Lunar eclipses occur due to the merging of two different cycles. First, the moon has to be full. This means that the sun, Earth, and moon are in perfect alignment for the shadow. But there’s not a lunar eclipse every month. That’s because the moon’s orbit isn’t perfectly matched up with Earth’s. It’s tilted 5 degrees. So the second important element is that the moon falls into a “node,” a point in its orbit where the moon is on the exact same plane as the Earth. Like so:
Where to look: Okay, I have a bit of a letdown here. This lunar eclipse won’t be visible in North America (except a tiny slice of Newfoundland that will get a sliver of an eclipse at moonrise).
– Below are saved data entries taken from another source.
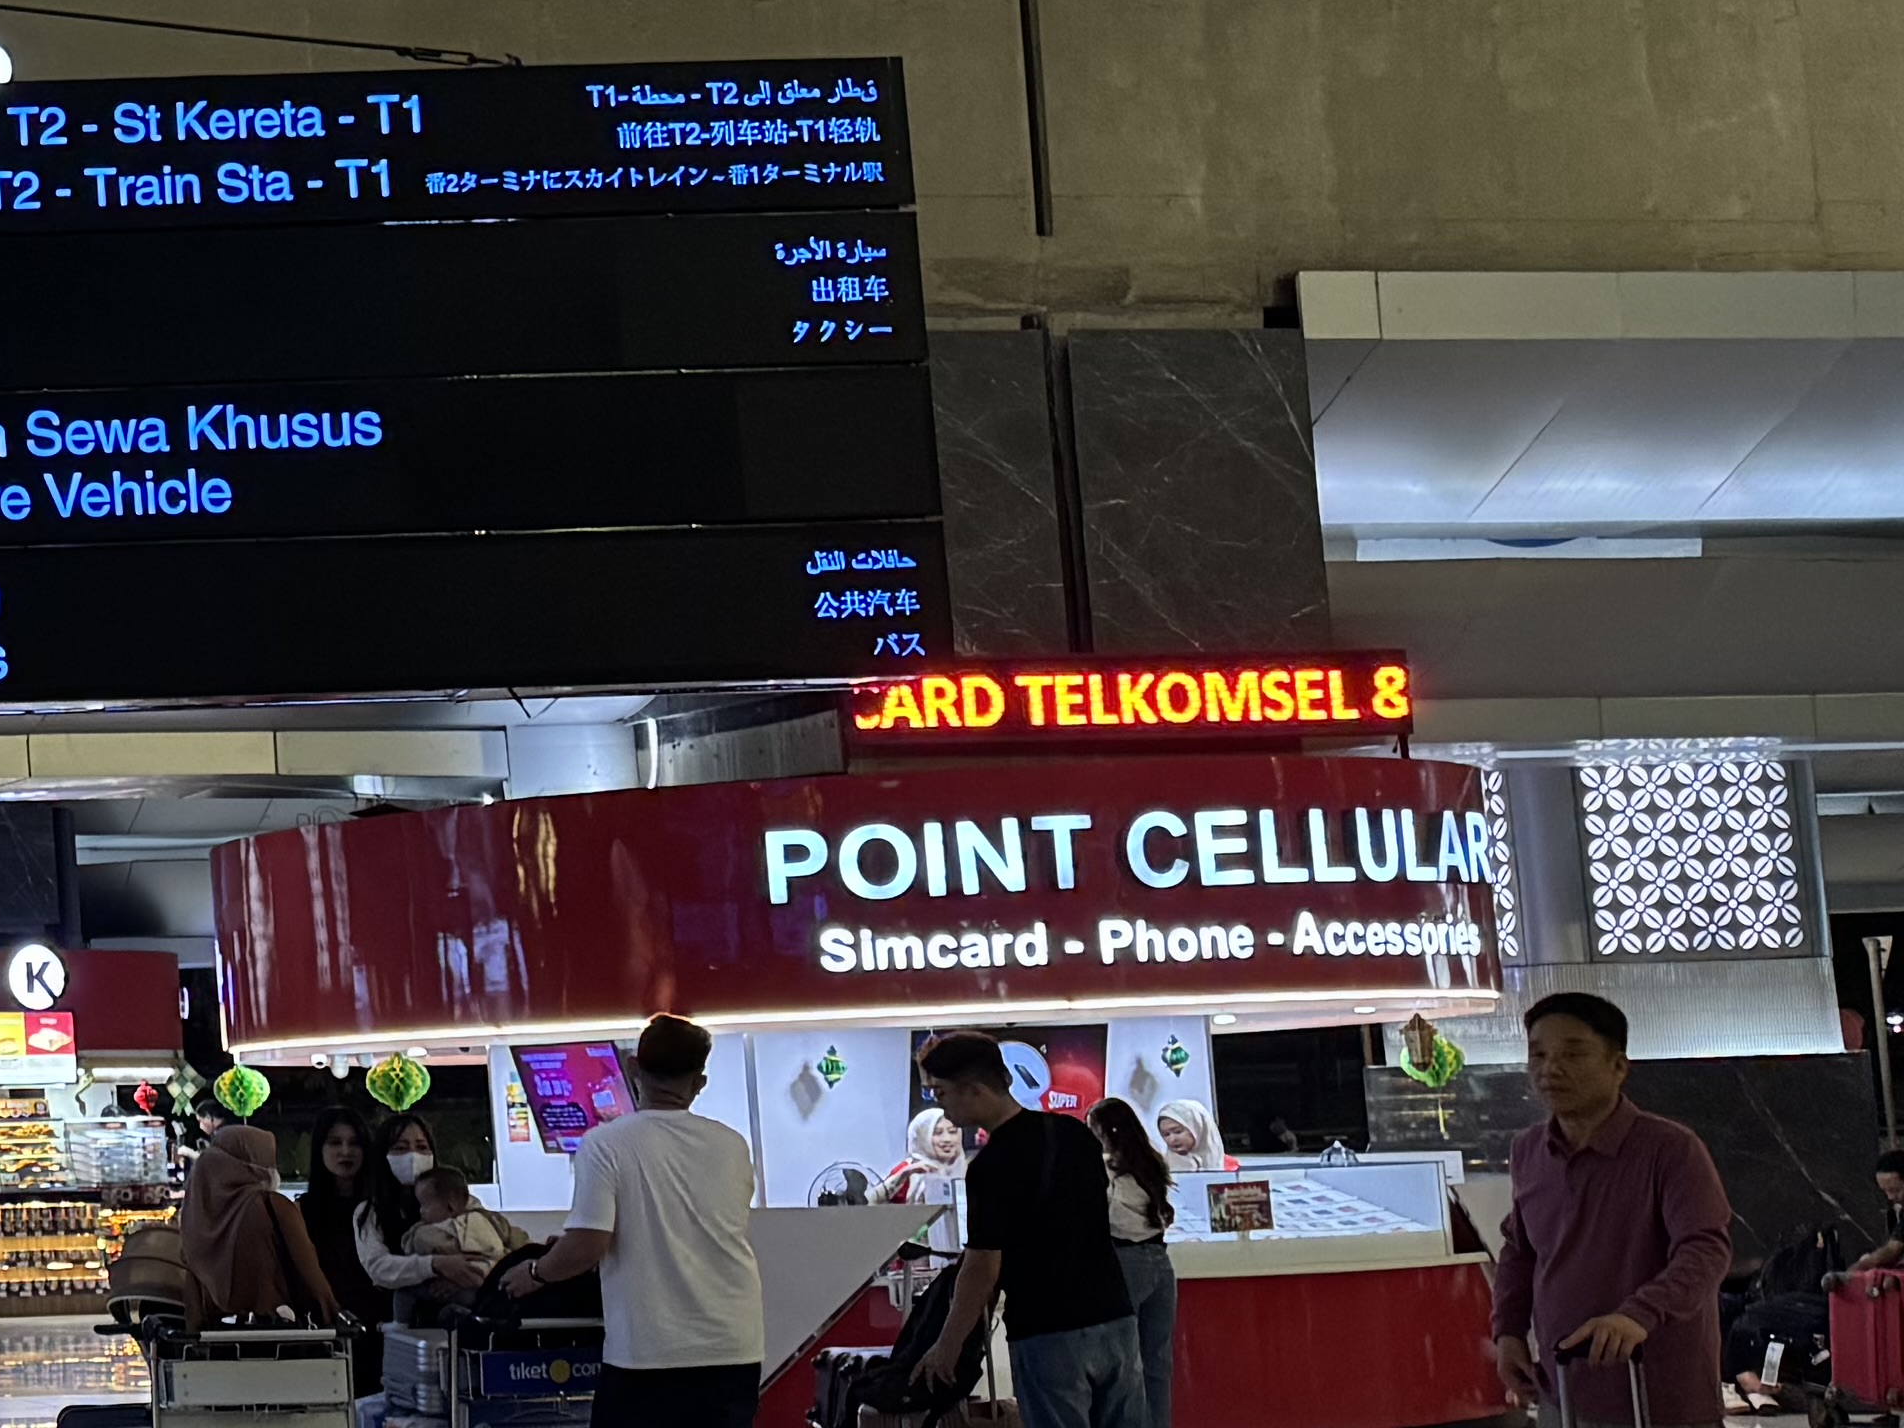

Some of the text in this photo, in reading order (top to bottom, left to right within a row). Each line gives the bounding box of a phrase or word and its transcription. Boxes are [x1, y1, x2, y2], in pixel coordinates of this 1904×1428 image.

[705, 80, 738, 107] T2
[6, 105, 67, 146] T2
[113, 101, 163, 144] St
[175, 99, 327, 141] Kereta
[366, 93, 422, 135] T1
[83, 164, 202, 208] Train
[216, 161, 295, 205] Sta
[334, 158, 391, 198] T1
[811, 274, 890, 303] 出租车
[792, 319, 893, 344] タクシー
[26, 409, 170, 457] Sewa
[186, 403, 382, 451] Khusus
[42, 467, 232, 518] Vehicle
[813, 588, 921, 619] 公共汽车
[873, 632, 926, 657] バス
[1014, 668, 1361, 726] TELKOMSEL
[764, 807, 1493, 904] POINT CELLULAR
[819, 921, 1049, 972] Simcard
[1098, 918, 1255, 965] Phone
But, on the bright side, this eclipse will be visible to most of the world’s population. So that’s nice. For those of us in North America, unfortunately, the eclipse will be over before night falls and we have a chance to see it.
You don’t need any special equipment or protective glasses to view it (unlike the total solar eclipse). But a pair of binoculars will give you a better, more detailed view of the moon’s geography as it darkens in shadow. The eclipse begins at 17:14 universal time, and will fully cover the moon between 19:30 universal time and 21:13. (That will be the middle of the day for us in North America).
July 27: Mars at opposition
What is it? Like the opposition with Saturn, Mars at opposition means the Red Planet will be directly in line with the Earth and Sun, and therefore shine a bit more brightly in the night sky.
Mars reaches opposition once every two years. This year, though, the opposition will be a bit more special than usual. That’s because Mars will be also approaching its closest distance to the Earth in its orbit (which occurs on July 31, 2018). That proximity will make it even brighter and bigger. At opposition in July, Mars will be nearly two times as bright as Jupiter in the sky.
Where to look: Mars will rise near the moon in the Southeastern sky. It will stay near the moon the entire night as it rises and then sets in the Southwest before dawn. Again, check out an app like SkyGuide to know exactly where to look.
July 27 to 28: Delta Aquarid meteor shower peaks
What is it? When Earth passes through the trail of debris left behind by a comet, bits of that debris catch fire in our atmosphere and streak across the sky in a blazing 3,000-degree flash. On July 27 and 28, you can look up late at night and see this celestial show during the peak of the annual Delta Aquarids meteor shower. (And it’s possible to see some Delta Aquarids in the week before the peak and a few weeks after.) This is a modest meteor shower, with just about 15 to 20 meteors per hour.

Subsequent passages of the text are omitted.